Please retype every record below exactly, leaving the pictures out.

START Supplied entries

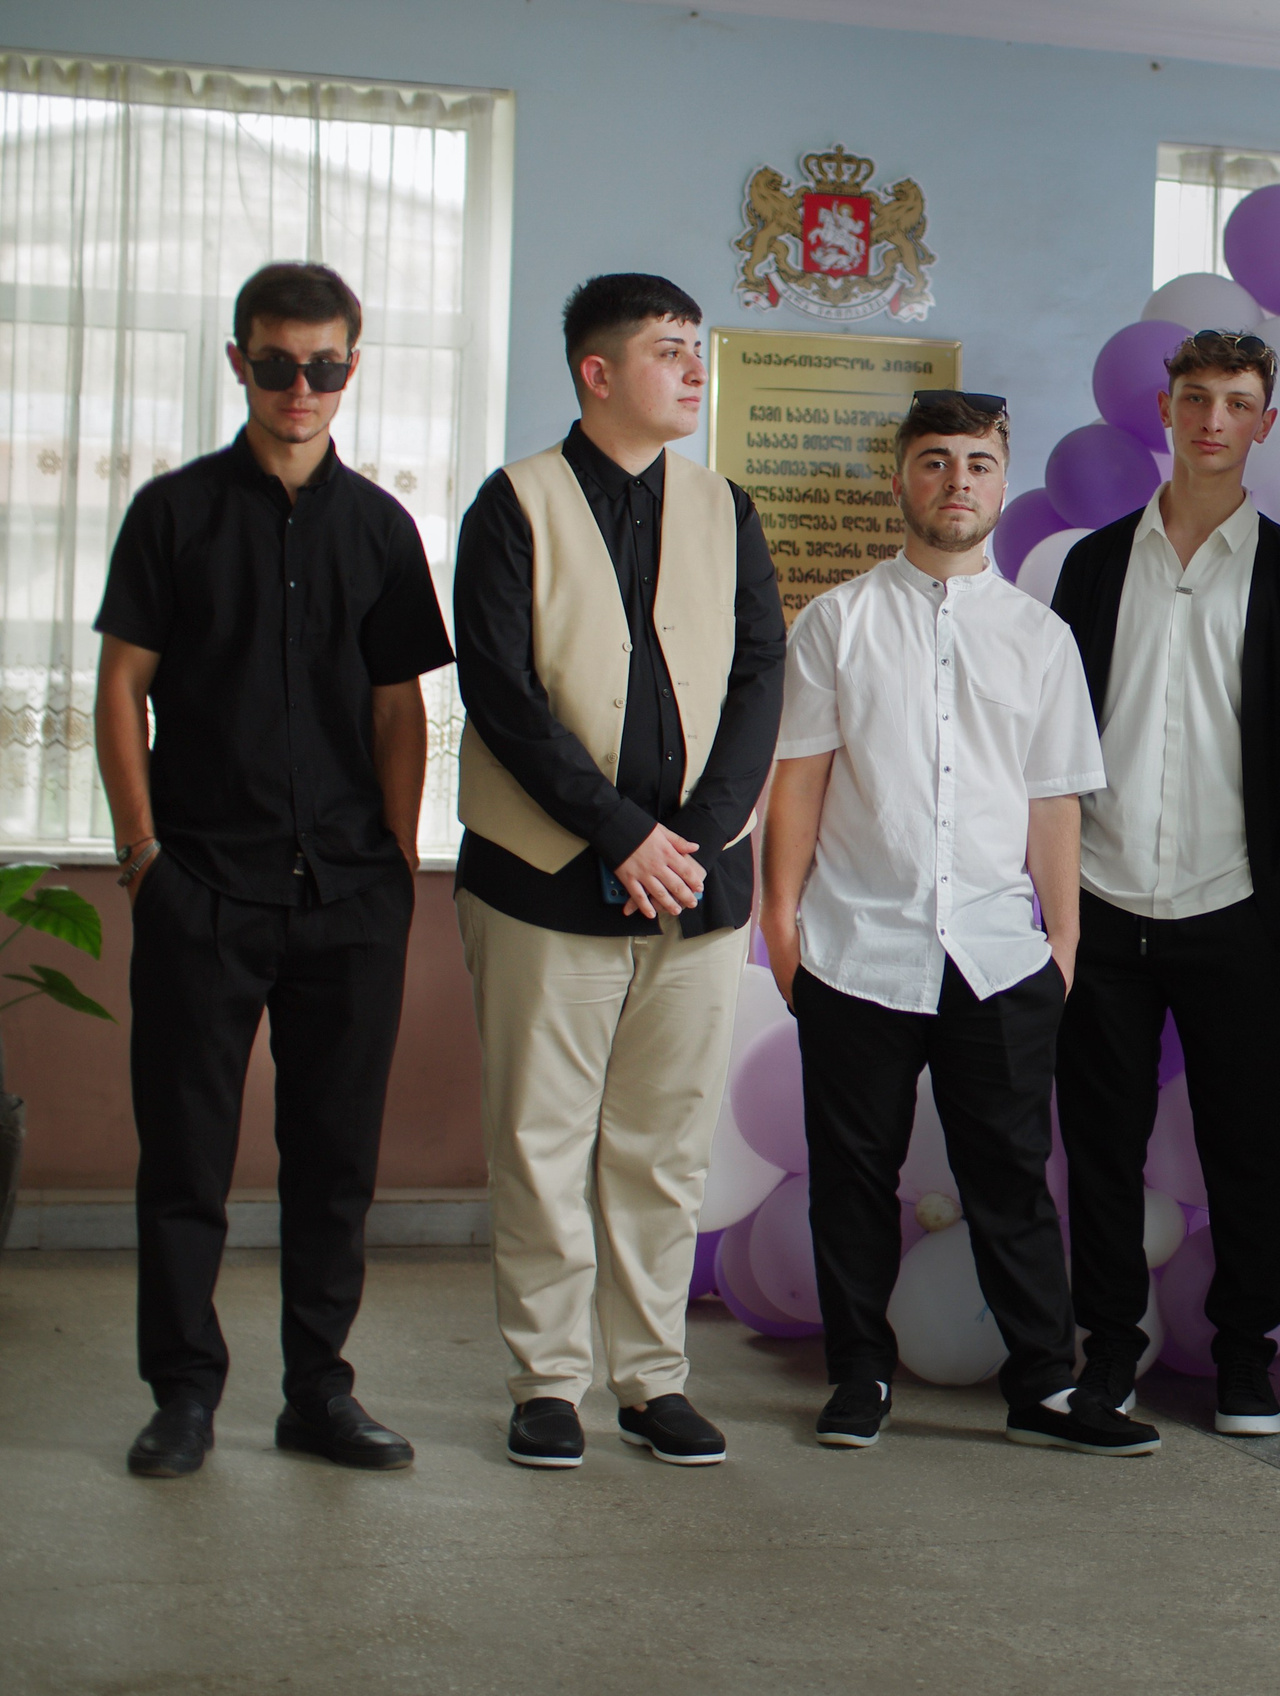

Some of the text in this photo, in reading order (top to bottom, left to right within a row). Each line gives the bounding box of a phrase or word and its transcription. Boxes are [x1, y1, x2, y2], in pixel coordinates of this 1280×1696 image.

[742, 351, 933, 374] საქართველოს ჰიმნი
[750, 405, 782, 421] ჩემი
[787, 406, 829, 424] ხატია
[747, 431, 798, 449] სახატე
[803, 433, 852, 451] მთელი
[745, 458, 841, 478] განათებული
[842, 515, 881, 533] დღეს
[806, 541, 861, 558] უმღერს
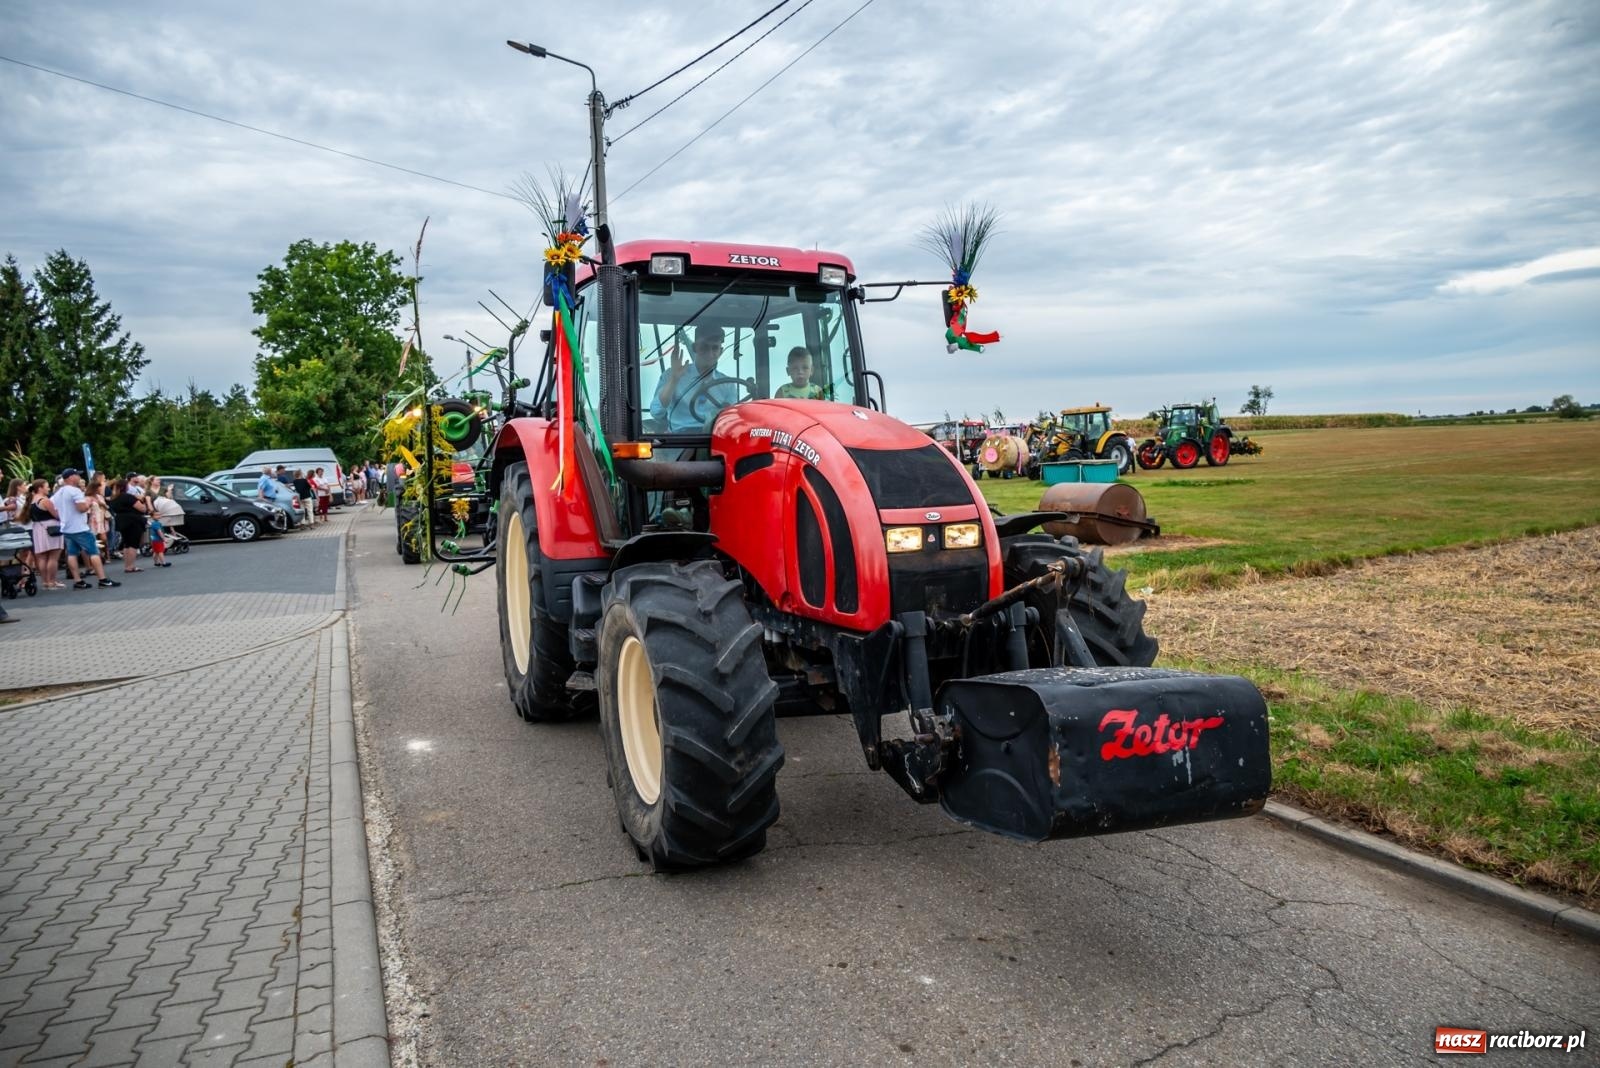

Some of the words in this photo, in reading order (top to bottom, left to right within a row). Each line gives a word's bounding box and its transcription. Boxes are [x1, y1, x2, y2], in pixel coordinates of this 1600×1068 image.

[730, 254, 780, 266] ZETOR
[772, 430, 792, 447] 11741
[794, 439, 821, 466] ZETOR
[1098, 708, 1225, 761] Zetor
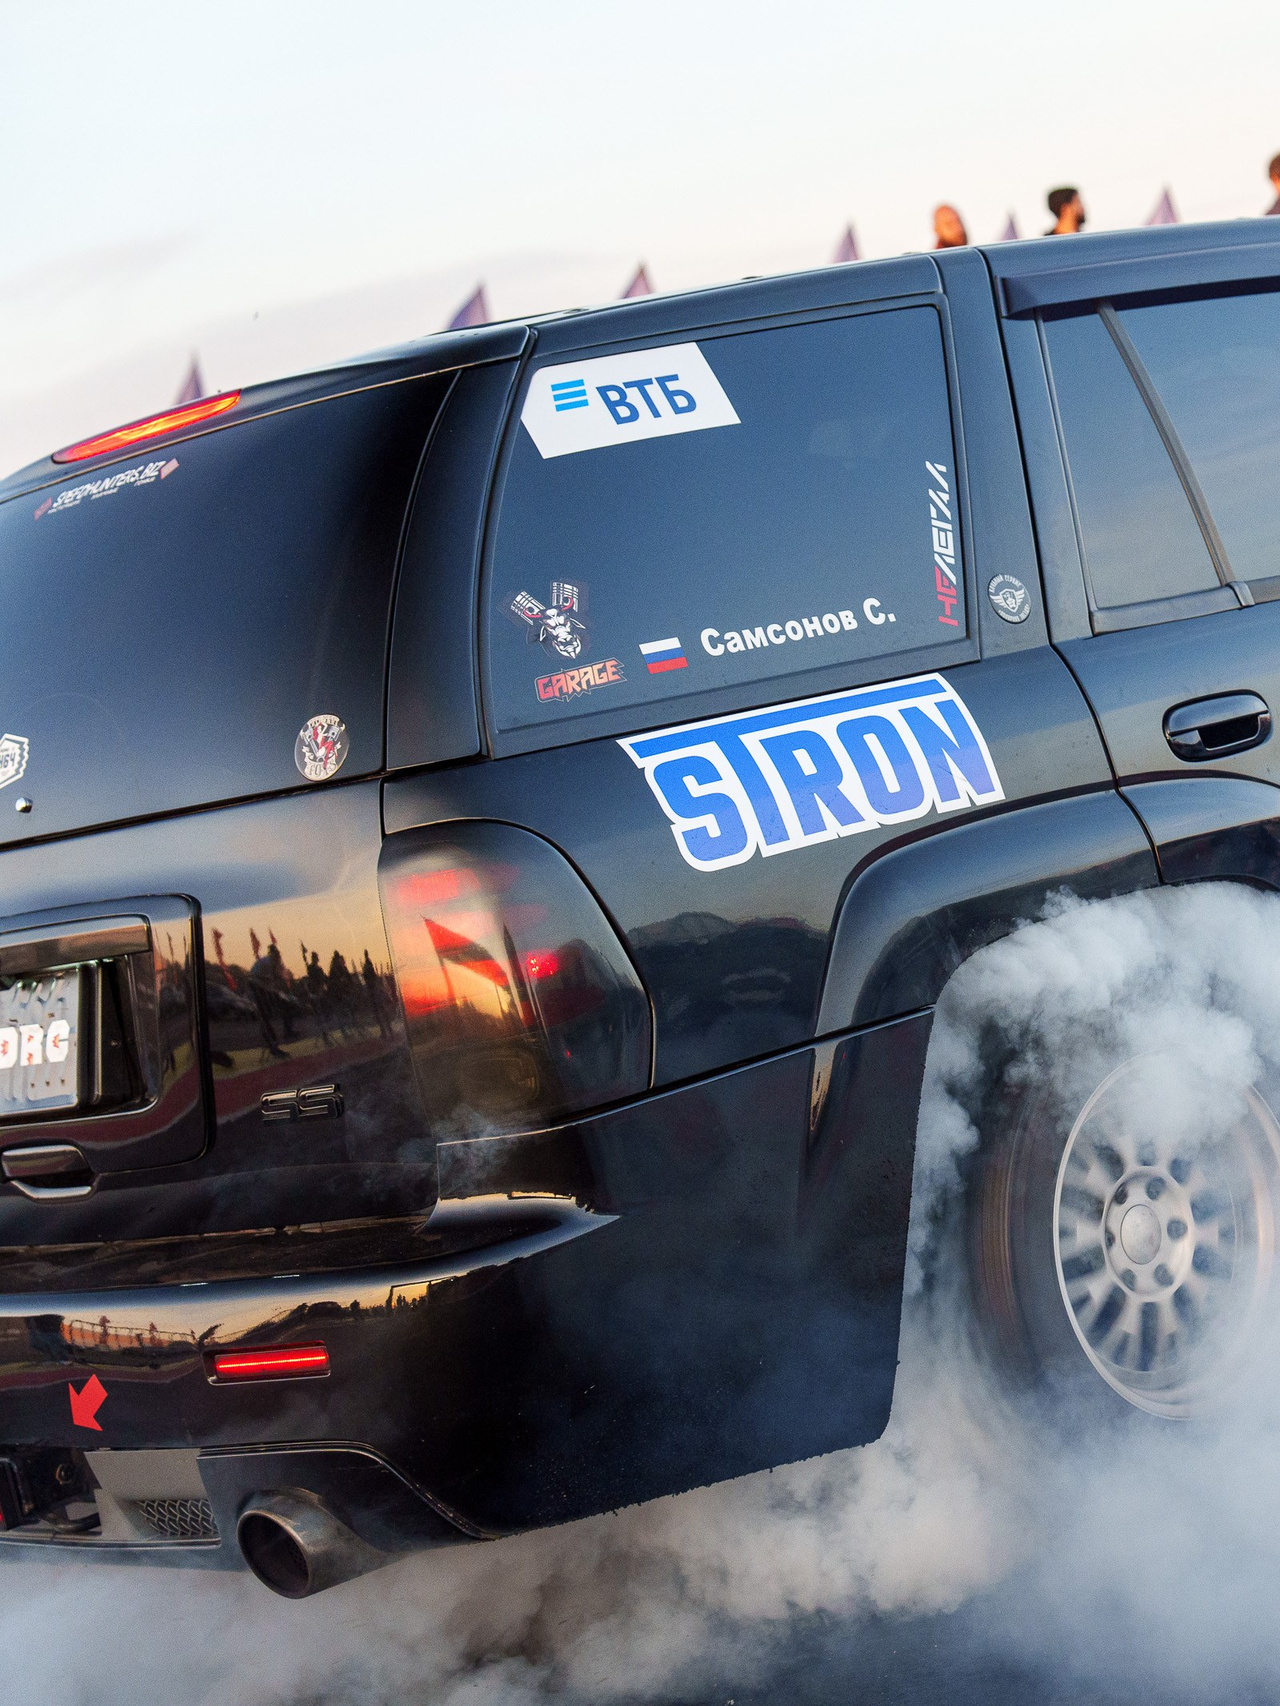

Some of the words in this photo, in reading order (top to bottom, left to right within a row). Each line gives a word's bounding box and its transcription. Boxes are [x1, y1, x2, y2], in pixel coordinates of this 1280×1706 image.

[596, 374, 697, 425] ВТБ
[699, 609, 860, 658] Самсонов
[863, 597, 897, 626] С.
[536, 660, 622, 700] GARAGE
[630, 678, 996, 862] STRON
[260, 1084, 343, 1121] SS
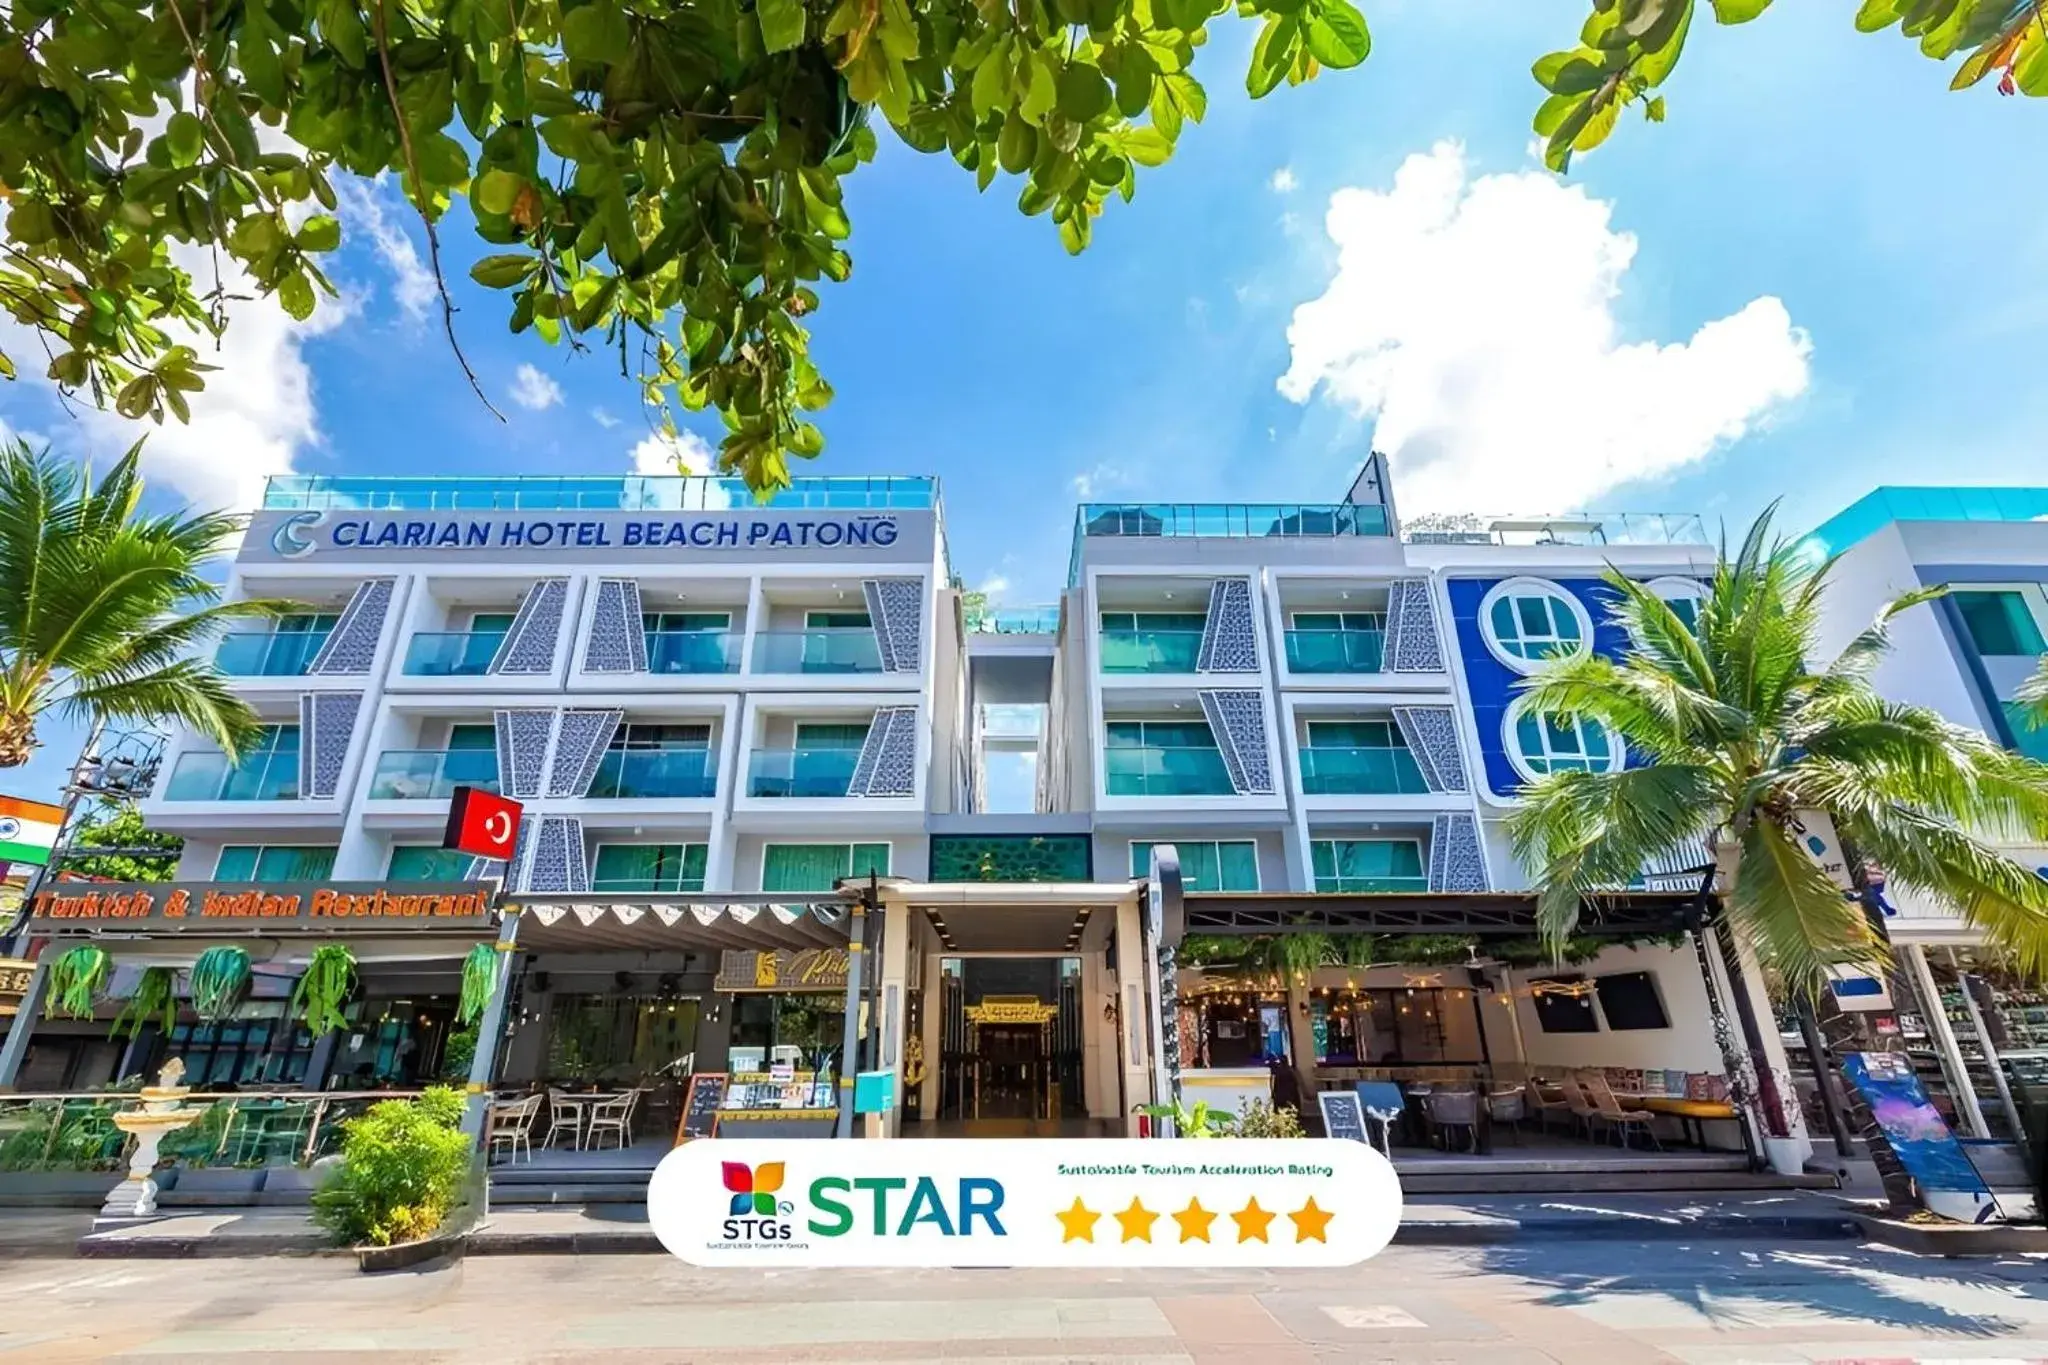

END Supplied entries

Answer below —
Some of the text in this photo, in reading order (top to bottom, left to right within a row). Each line gives the bounding box of a phrase or word and its transcription. Boxes are [x1, y1, x2, y2], in pixel coordinates of this 1280×1696 image.

[742, 351, 933, 374] საქართველოს ჰიმნი
[750, 405, 782, 421] ჩემი
[787, 406, 829, 424] ხატია
[747, 431, 798, 449] სახატე
[803, 433, 852, 451] მთელი
[745, 458, 841, 478] განათებული
[842, 515, 881, 533] დღეს
[806, 541, 861, 558] უმღერს

Some of the words in this photo, in reading order (top to bottom, left to right within a row). Each line gives a word's bounding box and its transcription. Boxes are [x1, y1, x2, y2], in pixel coordinates of this 1600×1068 image.

[730, 254, 780, 266] ZETOR
[772, 430, 792, 447] 11741
[794, 439, 821, 466] ZETOR
[1098, 708, 1225, 761] Zetor

Some of the words in this photo, in reading order (top to bottom, left to right within a row). Each line gives a word's bounding box and its transcription. Boxes are [x1, y1, x2, y2], in pixel coordinates of this 1280×1706 image.

[596, 374, 697, 425] ВТБ
[699, 609, 860, 658] Самсонов
[863, 597, 897, 626] С.
[536, 660, 622, 700] GARAGE
[630, 678, 996, 862] STRON
[260, 1084, 343, 1121] SS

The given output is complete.